Saturday, September 27, 2003 (New Delhi): India is now all set to benefit from the first consignment of imported liquified natural gas (LNG) from Qatar. Qatar's RasGas will be selling gas to India, for the next 25 years at a non negotiable cost of Rs 4700 crore every year. Since the domestic supply of gas in the country fails to meet the demand, the imported gas is likely to benefit sectors like fertiliser and power.
Doubts over the deal
However, questions are now being raised over it being the best deal India could have struck. For almost a decade, RasGas a company jointly owned by Qatari government and American firm Exxon Mobil, has been pushing the deal wherein it sells 5 million tonnes of gas commonly used for making CNG and fertilisers. Under the contract, RasGas will supply 5 million tonnes of LNG to Petronet's Dahej unit, a consortium of Indian oil companies. In the shipment likely to land in January 2004, the import bill is pitched at $850 million every year (Rs 4,700 crore). Analysts are now beginning to question the price and the provisions of the contract. Sources allege that the deal is expensive as Petronet will only be able to sell the gas to Indian marketing companies like GAIL or BPCL at $3.4 per unit. However other players like Cairns or Reliance are selling to end consumers at the same price or even lower at $3.2 per mmbtu, making Petronet prices much more higher. "Competition will increase from local players like Reliance to imports from Shell. You have to be competitive," said Ram Naik, Union Petroleum Minister.
Stringent rules
Another reason why the deal is being questioned is because the contract seems too strict. If future competition drives down prices further, Petronet will not have the choice to re-negotiate the deal for the next 25 years.

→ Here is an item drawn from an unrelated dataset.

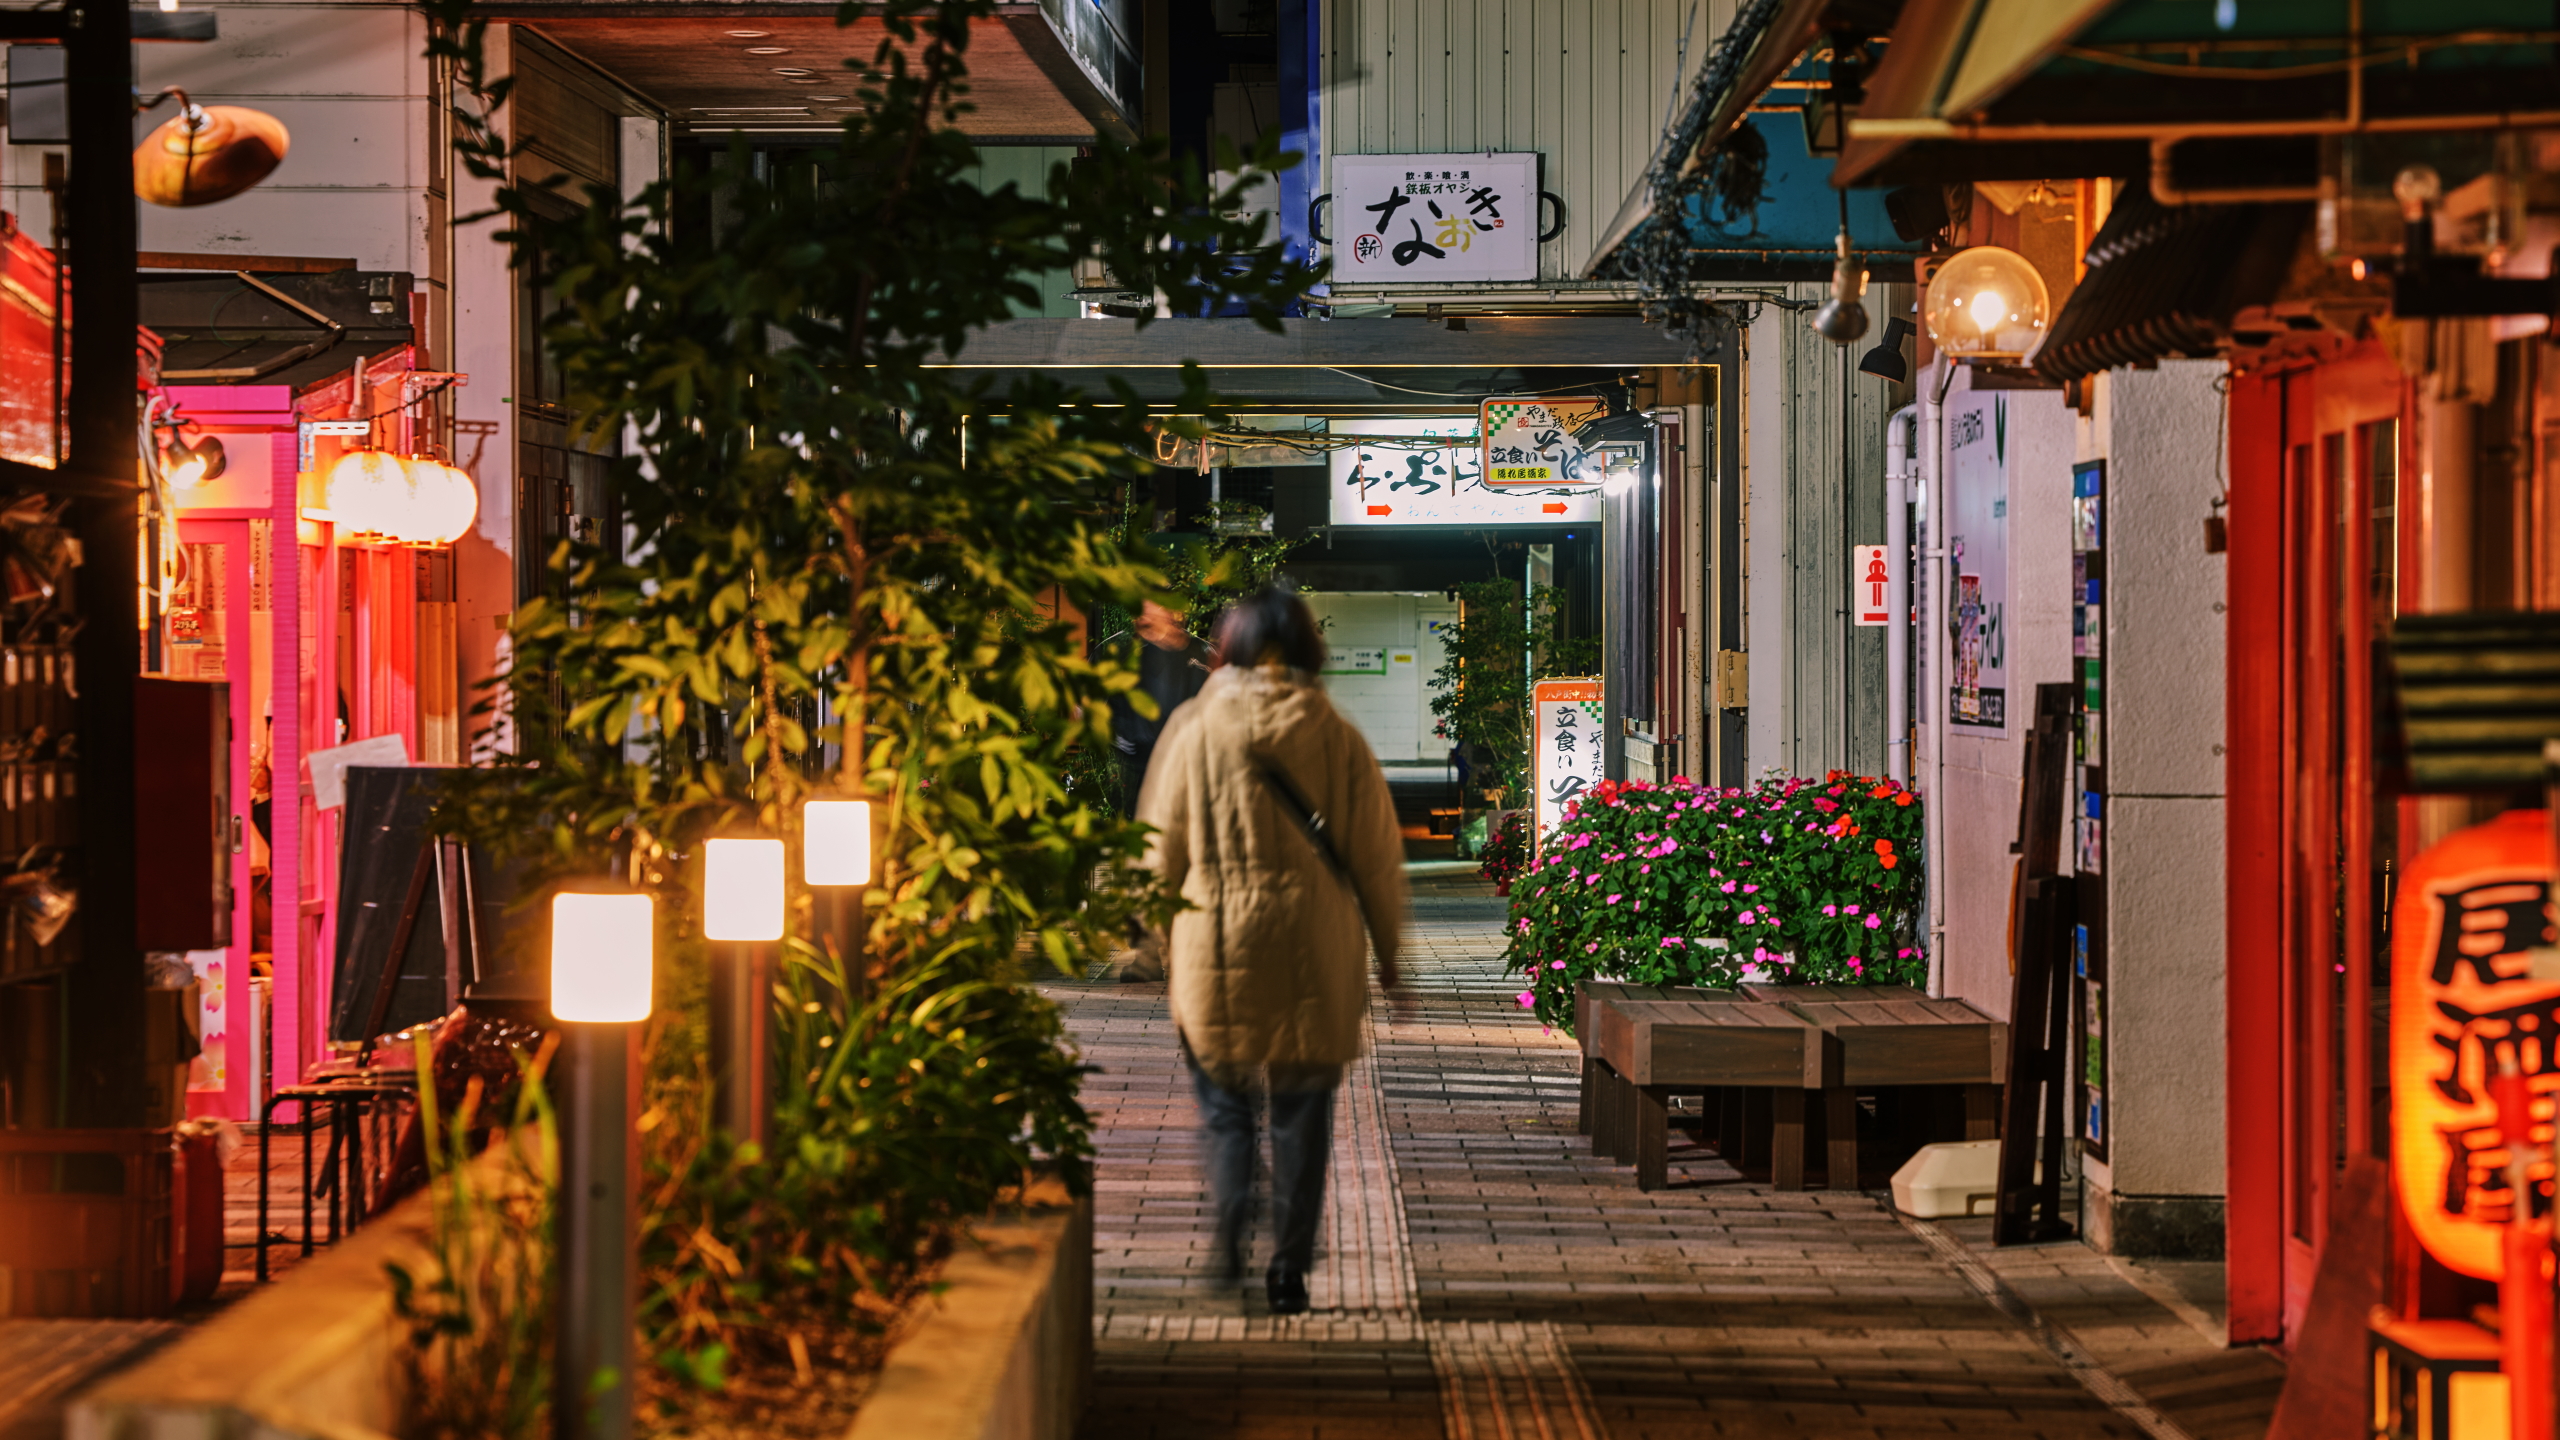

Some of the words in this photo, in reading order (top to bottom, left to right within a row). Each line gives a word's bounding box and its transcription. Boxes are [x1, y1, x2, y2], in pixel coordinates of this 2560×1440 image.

[1405, 181, 1471, 195] 鉄板オヤジ
[1357, 237, 1381, 260] 新

In what is being seen as a take-or-pay contract, even if no gas is sold in India , RasGas will have to be paid the entire $ 850 million annually. "All deals world over are take-or-pay because of the high investment involved," said Suresh Mathur, CEO, Petronet LNG. However, big gas buyers like Japan are now replacing take-or-pay contracts by spot contracts with no long-term commitments.